(SUPPLIED MATERIAL)

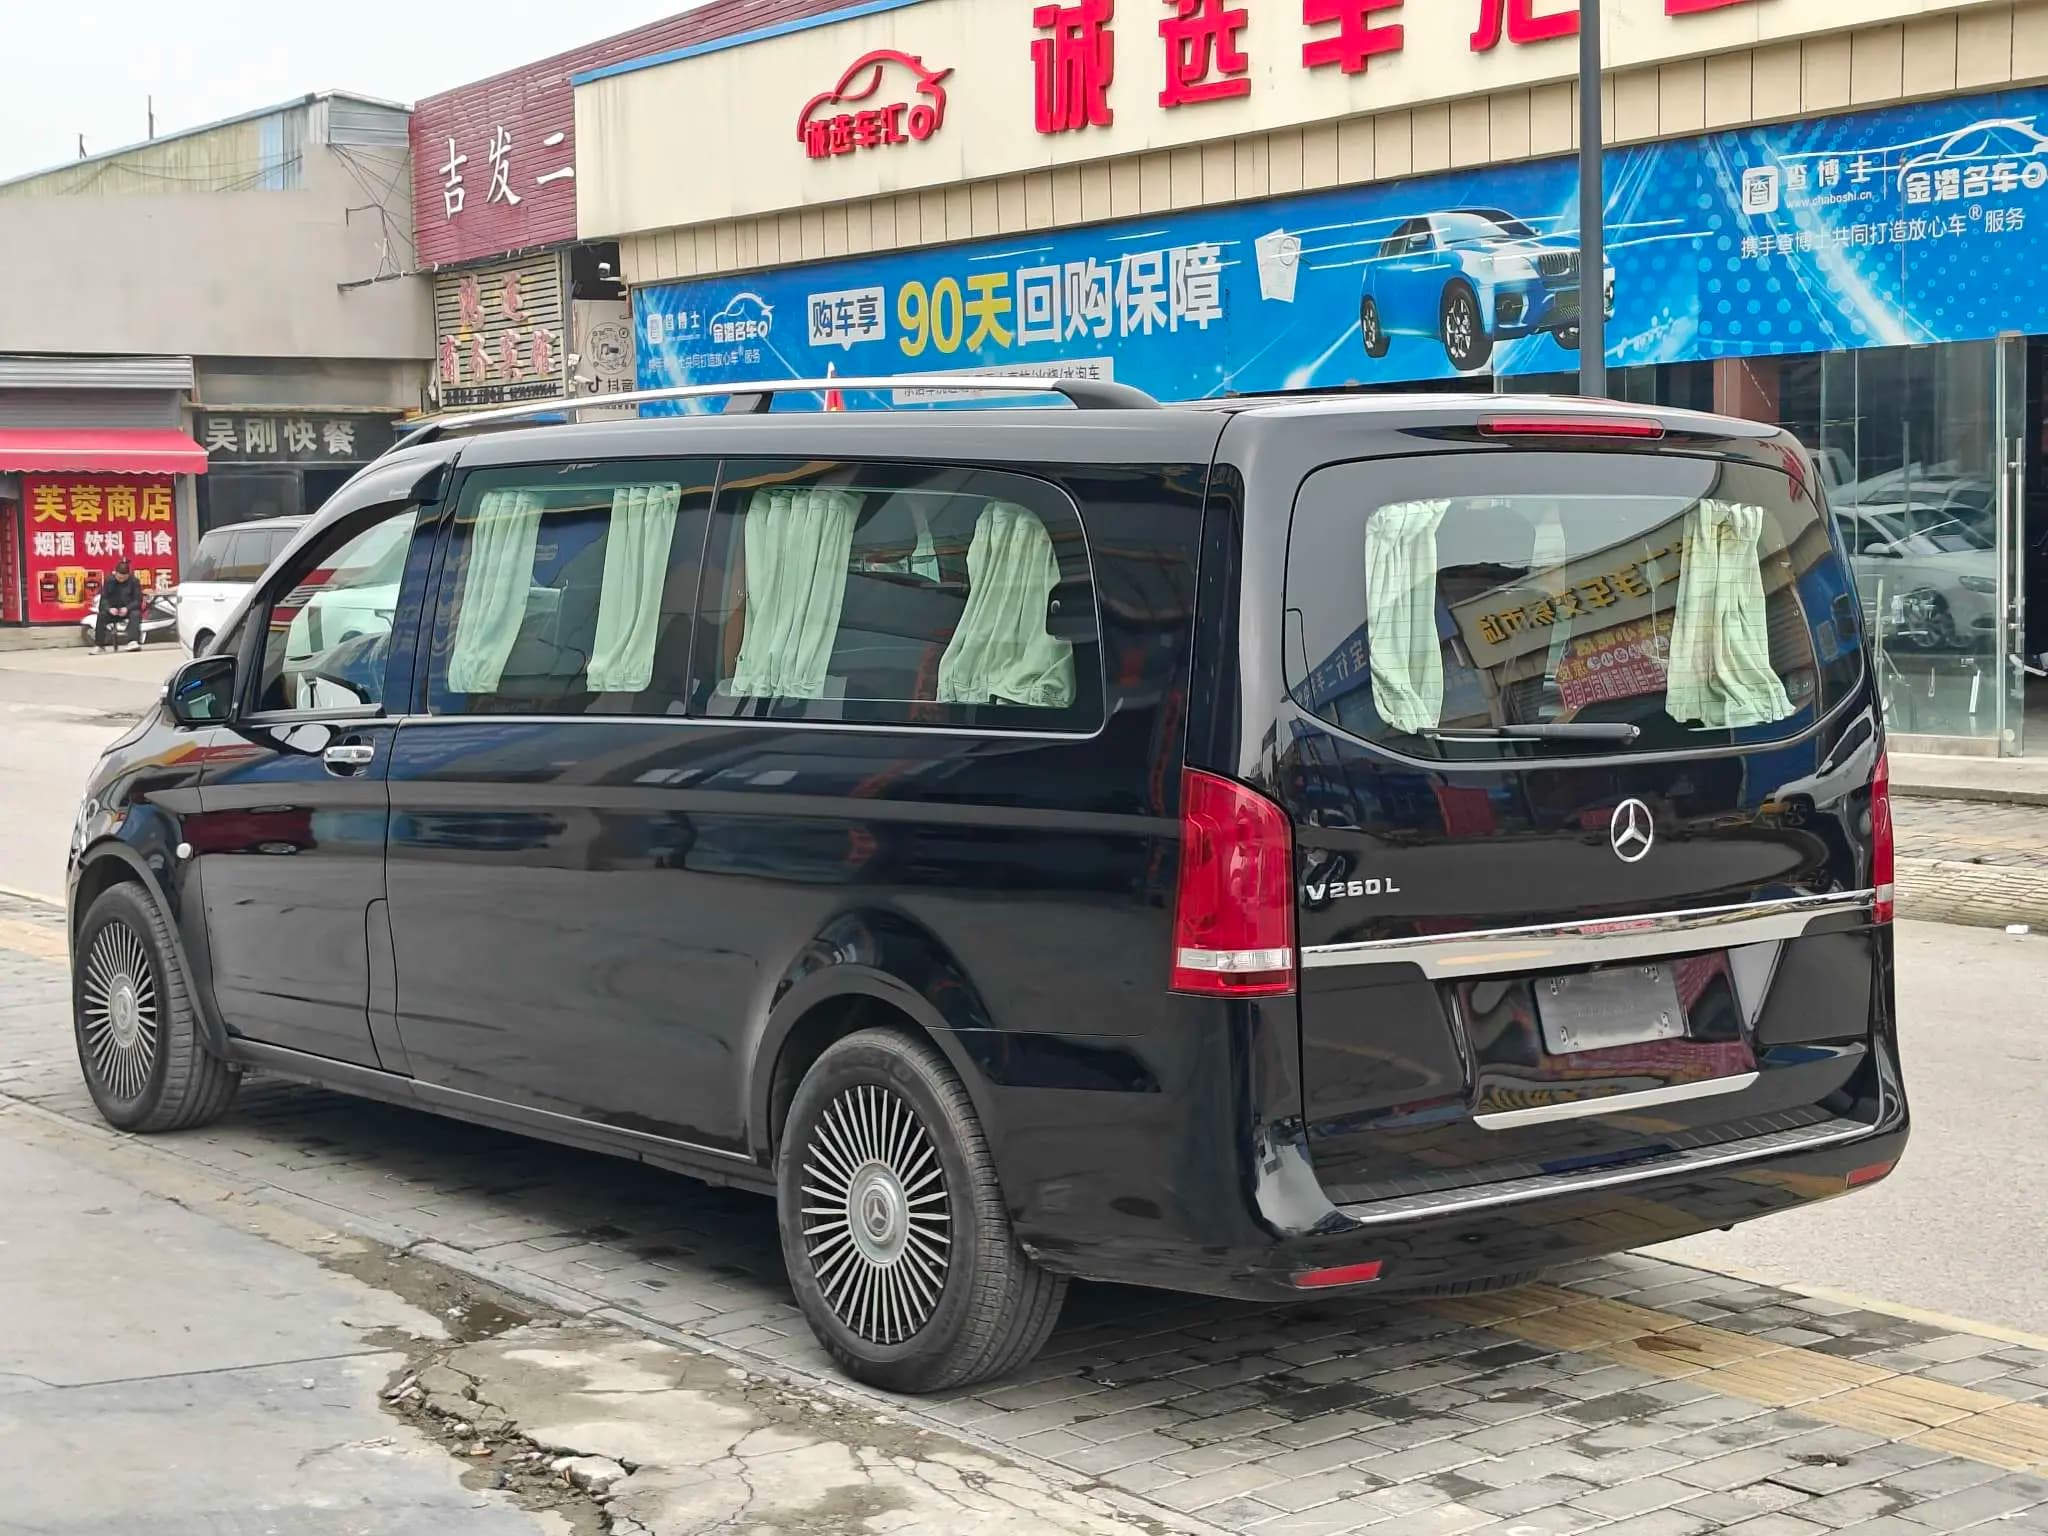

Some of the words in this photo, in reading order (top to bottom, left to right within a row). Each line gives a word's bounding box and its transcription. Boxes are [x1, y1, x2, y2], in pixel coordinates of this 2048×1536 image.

[804, 102, 909, 159] 诚选车汇
[1787, 155, 1872, 191] 查博士
[812, 297, 879, 338] 购车享
[898, 246, 1222, 356] 90天回购保障
[608, 377, 634, 393] 抖音
[206, 417, 355, 455] 吴刚快餐
[33, 484, 172, 523] 芙蓉商店
[34, 531, 75, 557] 烟酒
[85, 531, 124, 557] 饮料
[133, 530, 173, 557] 副食
[1306, 878, 1400, 900] V260L
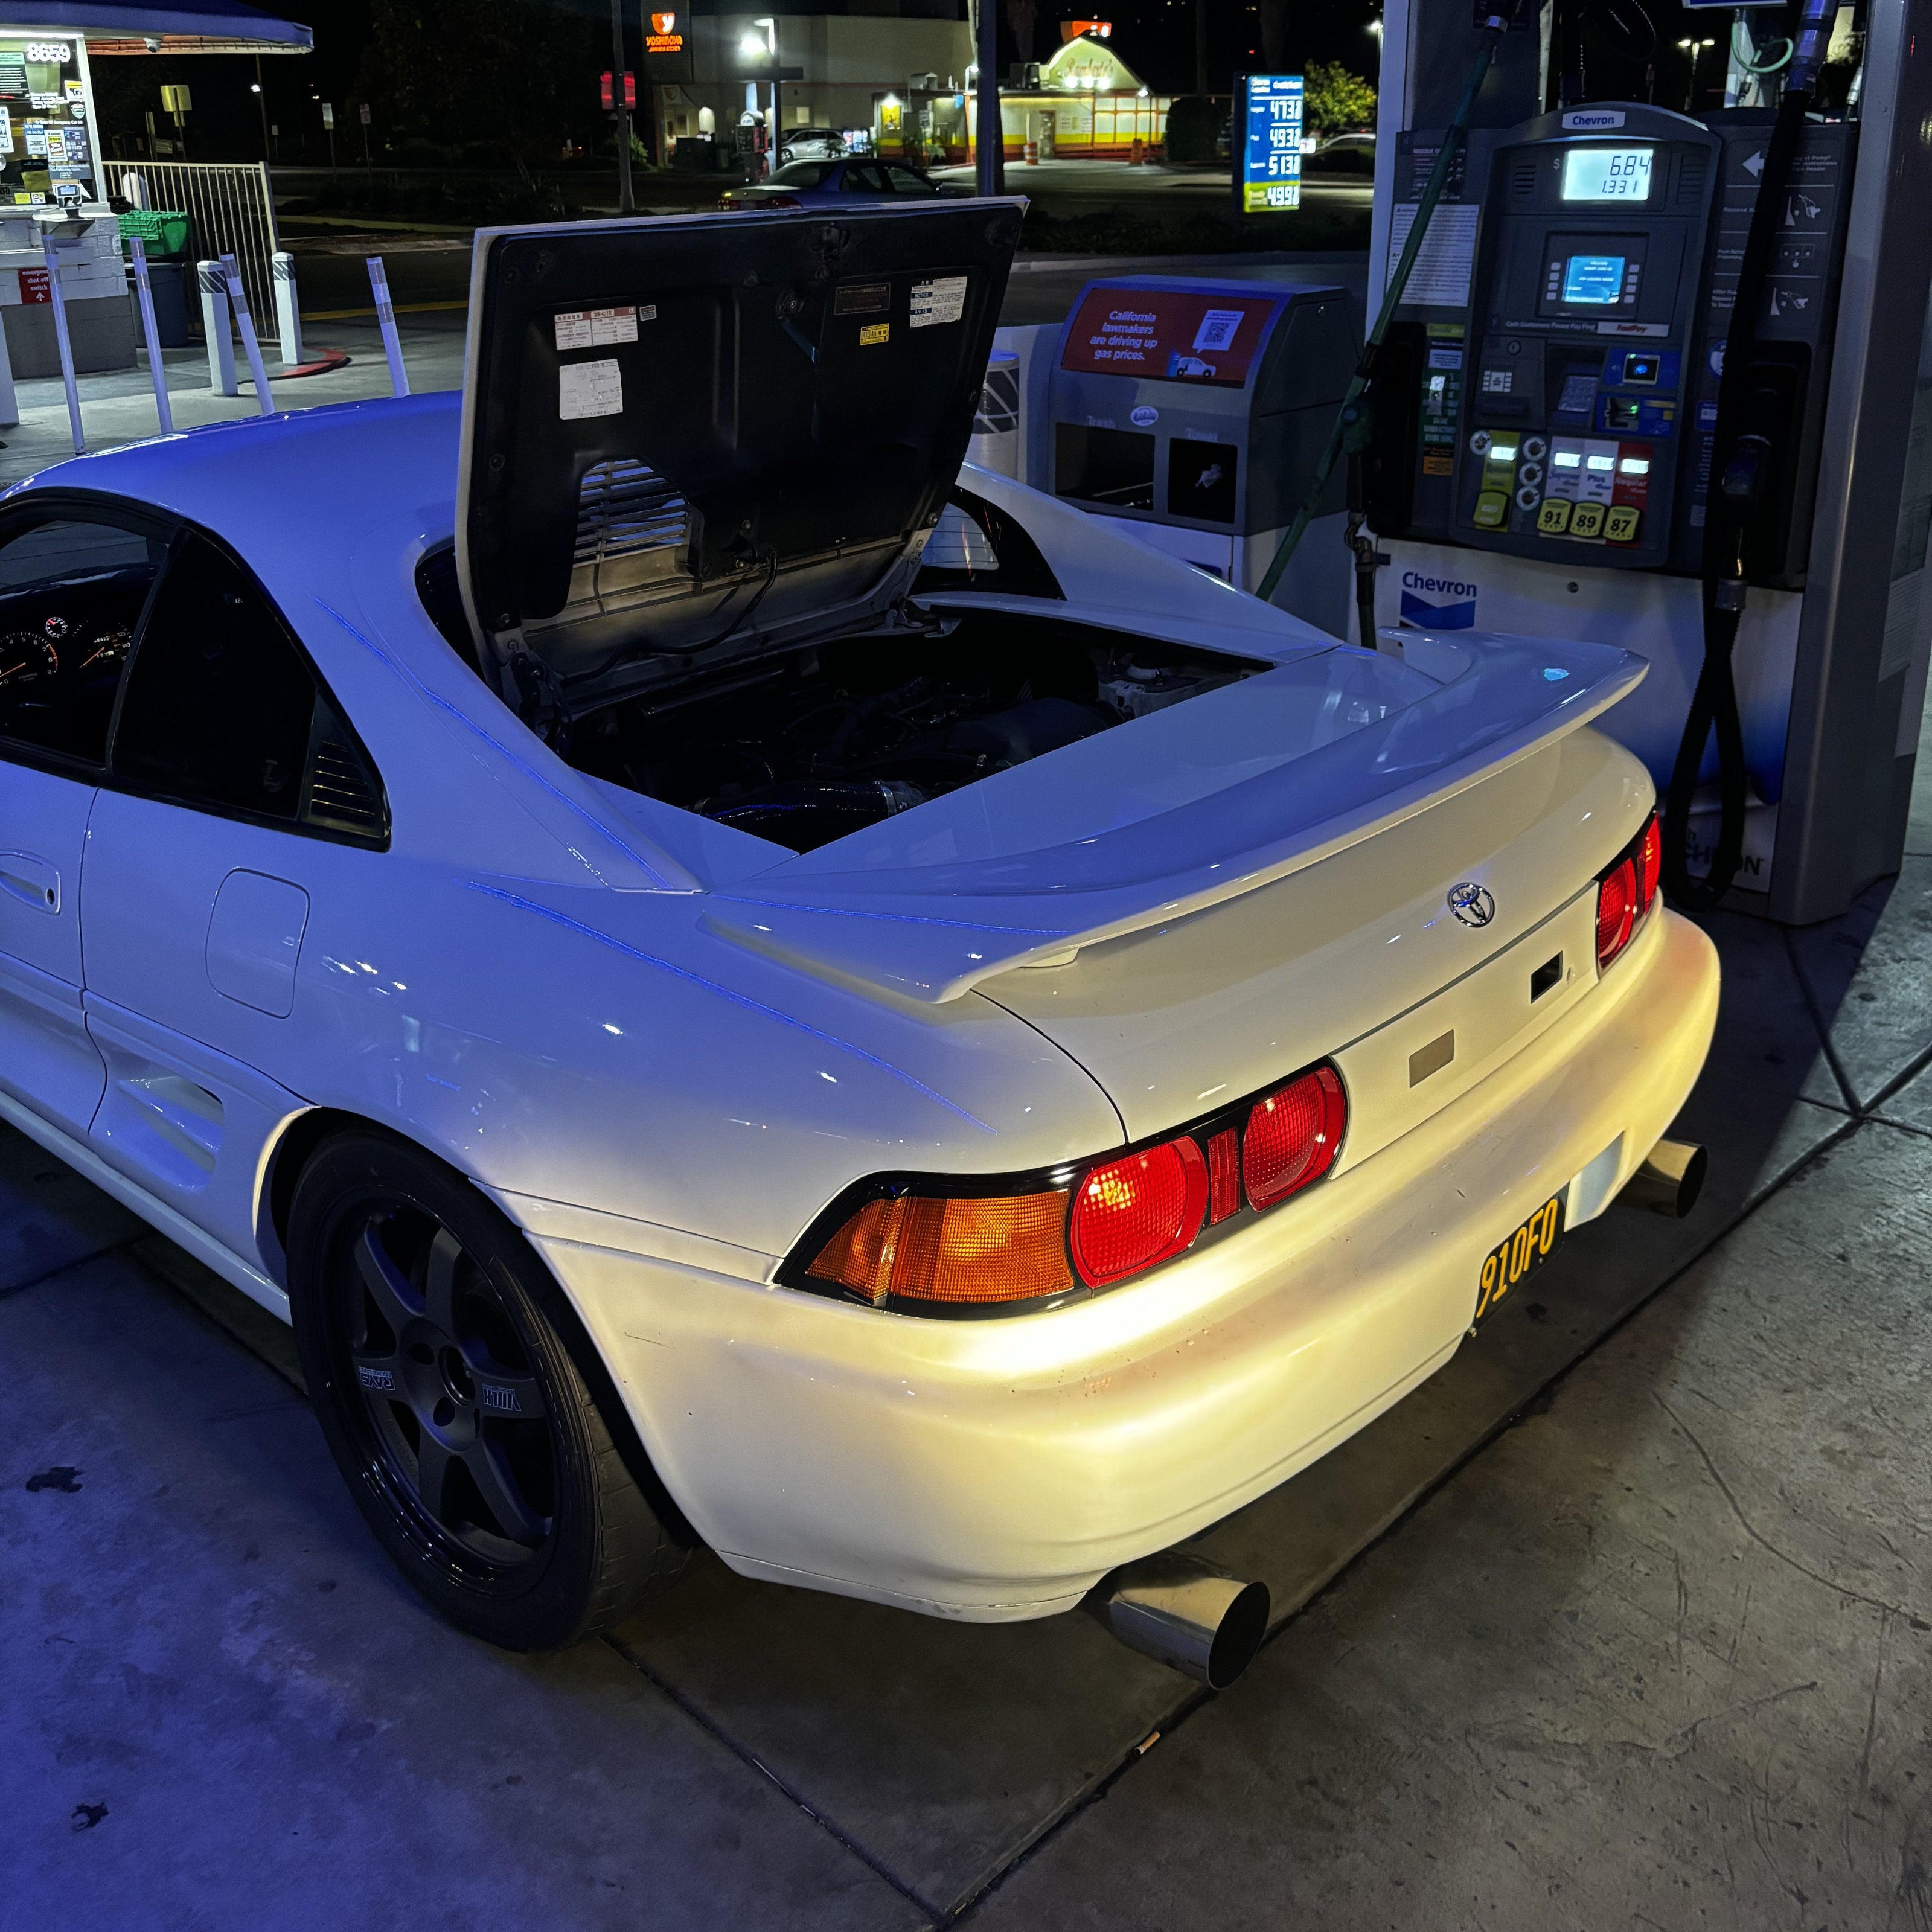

(End SUPPLIED MATERIAL)

INSTRUCTIONS FOR THE TASK
Line by line, print the records exactly, leaving the pictures behind.

SOLUTION TO THIS TASK
Some of the words in this photo, in reading order (top to bottom, left to right within a row). Each line gives a word's bounding box and its transcription. Boxes are [x1, y1, x2, y2], in pixel coordinates of this 2048×1536 image.

[804, 102, 909, 159] 诚选车汇
[1787, 155, 1872, 191] 查博士
[812, 297, 879, 338] 购车享
[898, 246, 1222, 356] 90天回购保障
[608, 377, 634, 393] 抖音
[206, 417, 355, 455] 吴刚快餐
[33, 484, 172, 523] 芙蓉商店
[34, 531, 75, 557] 烟酒
[85, 531, 124, 557] 饮料
[133, 530, 173, 557] 副食
[1306, 878, 1400, 900] V260L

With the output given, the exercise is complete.